Referring expression grounding data
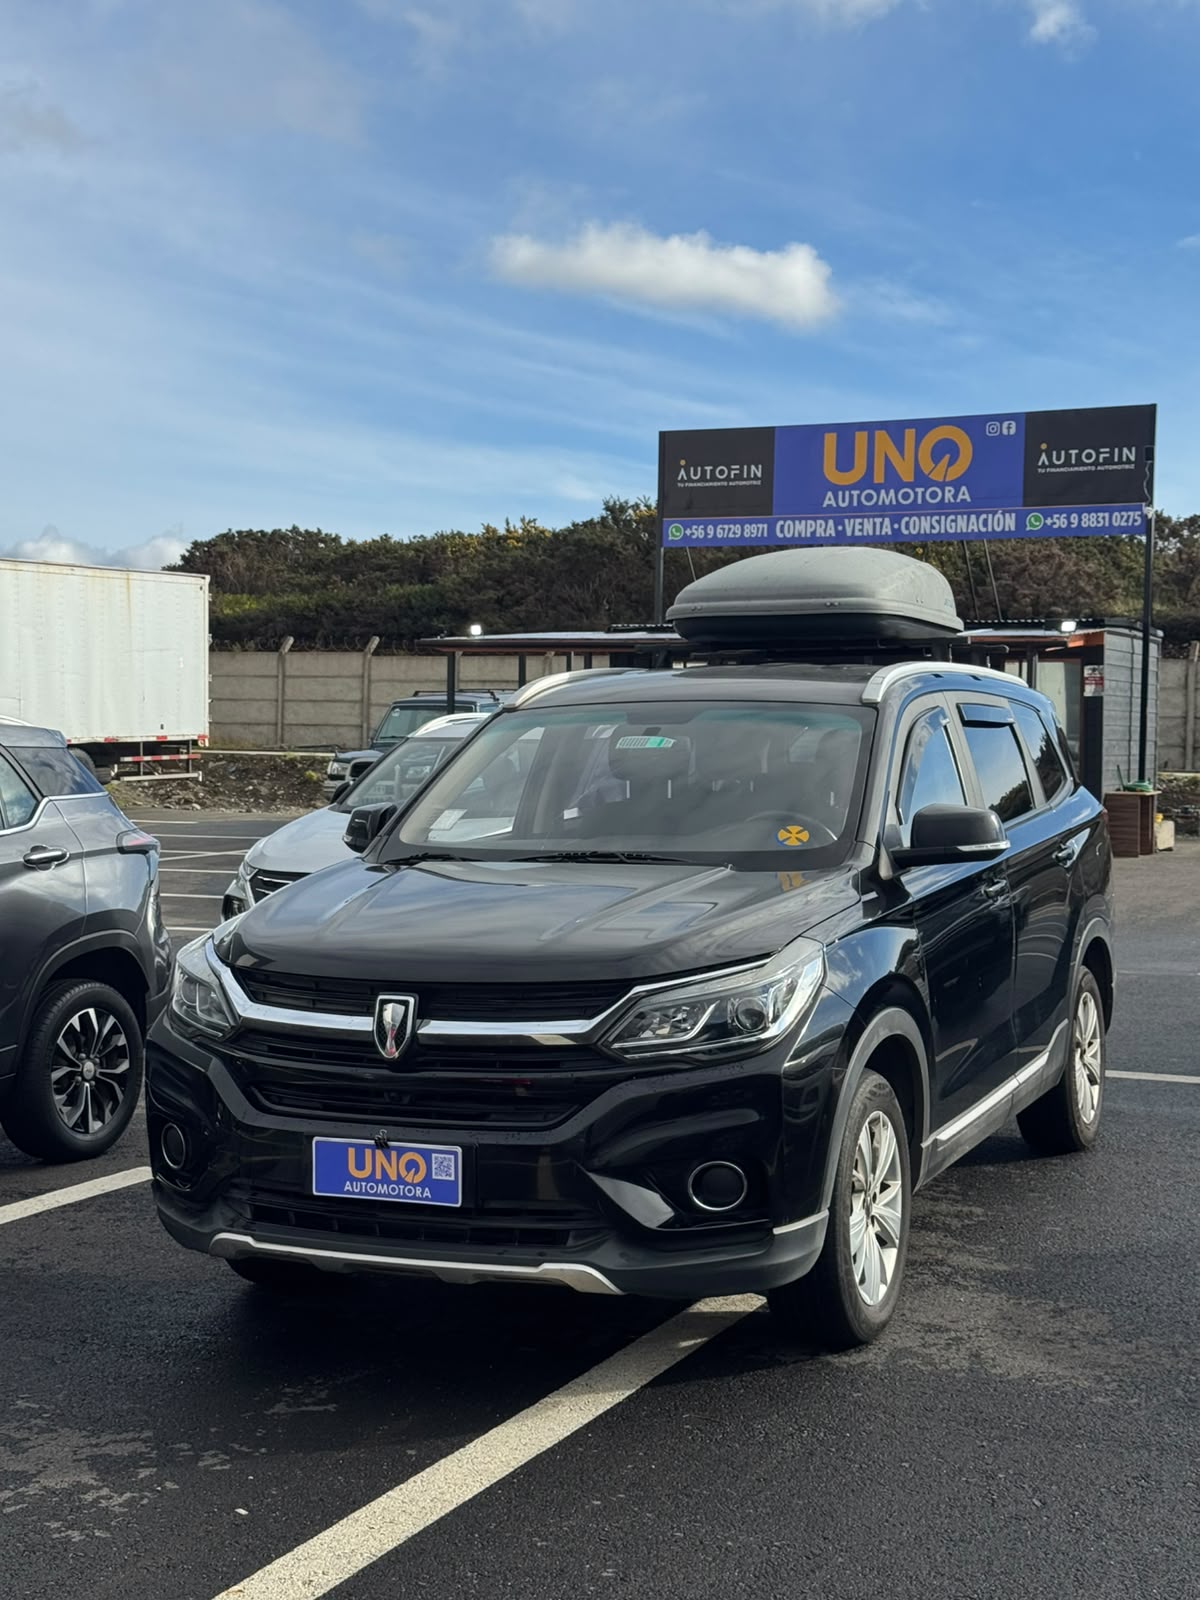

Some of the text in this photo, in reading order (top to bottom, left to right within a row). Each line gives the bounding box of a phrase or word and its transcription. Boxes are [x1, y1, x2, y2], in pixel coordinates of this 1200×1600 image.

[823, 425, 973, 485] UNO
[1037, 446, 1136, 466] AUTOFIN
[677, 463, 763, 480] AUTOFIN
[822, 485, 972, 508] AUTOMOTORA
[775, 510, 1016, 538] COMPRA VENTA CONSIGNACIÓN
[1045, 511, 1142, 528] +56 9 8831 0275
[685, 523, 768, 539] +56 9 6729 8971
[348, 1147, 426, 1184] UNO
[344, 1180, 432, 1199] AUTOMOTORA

▸ Exercise brief: Please repeat every record exactly, leaving the pictures out.

▸ Worked solution:
Some of the text in this photo, in reading order (top to bottom, left to right within a row). Each line gives the bounding box of a phrase or word and its transcription. Boxes are [x1, y1, x2, y2], in pixel coordinates of this 1200×1600 image.

[823, 425, 973, 485] UNO
[1037, 446, 1136, 466] AUTOFIN
[677, 463, 763, 480] AUTOFIN
[822, 485, 972, 508] AUTOMOTORA
[775, 510, 1016, 538] COMPRA VENTA CONSIGNACIÓN
[1045, 511, 1142, 528] +56 9 8831 0275
[685, 523, 768, 539] +56 9 6729 8971
[348, 1147, 426, 1184] UNO
[344, 1180, 432, 1199] AUTOMOTORA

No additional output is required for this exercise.